TASK REQUIREMENTS | Transcribe the listing below exactly, leaving out each image.

RAW DATA |
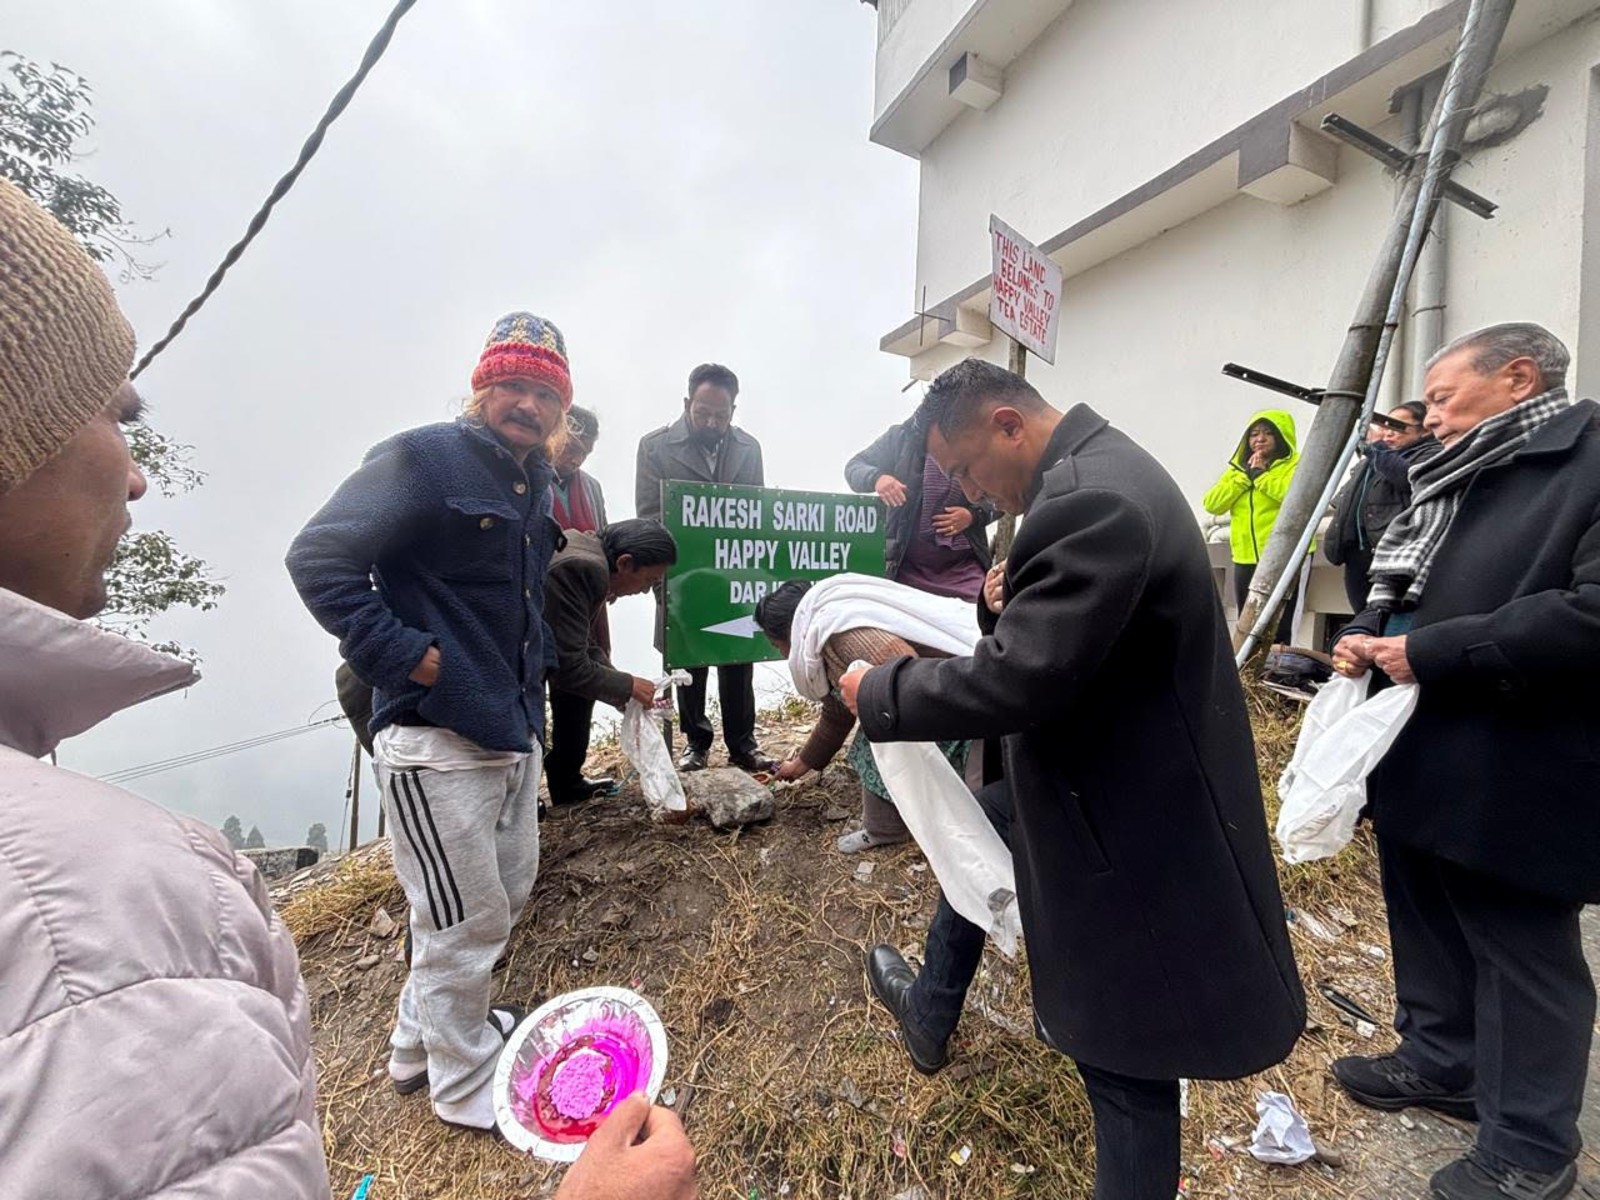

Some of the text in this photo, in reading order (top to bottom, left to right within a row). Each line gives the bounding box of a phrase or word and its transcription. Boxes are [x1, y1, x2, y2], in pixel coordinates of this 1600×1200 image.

[994, 230, 1046, 284] THIS LAND
[993, 272, 1051, 329] HAPPY VALLEY
[1000, 258, 1055, 311] BELONGS TO
[996, 295, 1047, 345] TEA ESTATE
[681, 494, 878, 533] RAKESH SARKI ROAD
[715, 538, 851, 570] HAPPY VALLEY

REPLY TO THE TASK |
Some of the text in this photo, in reading order (top to bottom, left to right within a row). Each line gives the bounding box of a phrase or word and its transcription. Boxes are [x1, y1, x2, y2], in pixel coordinates of this 1600×1200 image.

[994, 230, 1046, 284] THIS LAND
[993, 272, 1051, 329] HAPPY VALLEY
[1000, 258, 1055, 311] BELONGS TO
[996, 295, 1047, 345] TEA ESTATE
[681, 494, 878, 533] RAKESH SARKI ROAD
[715, 538, 851, 570] HAPPY VALLEY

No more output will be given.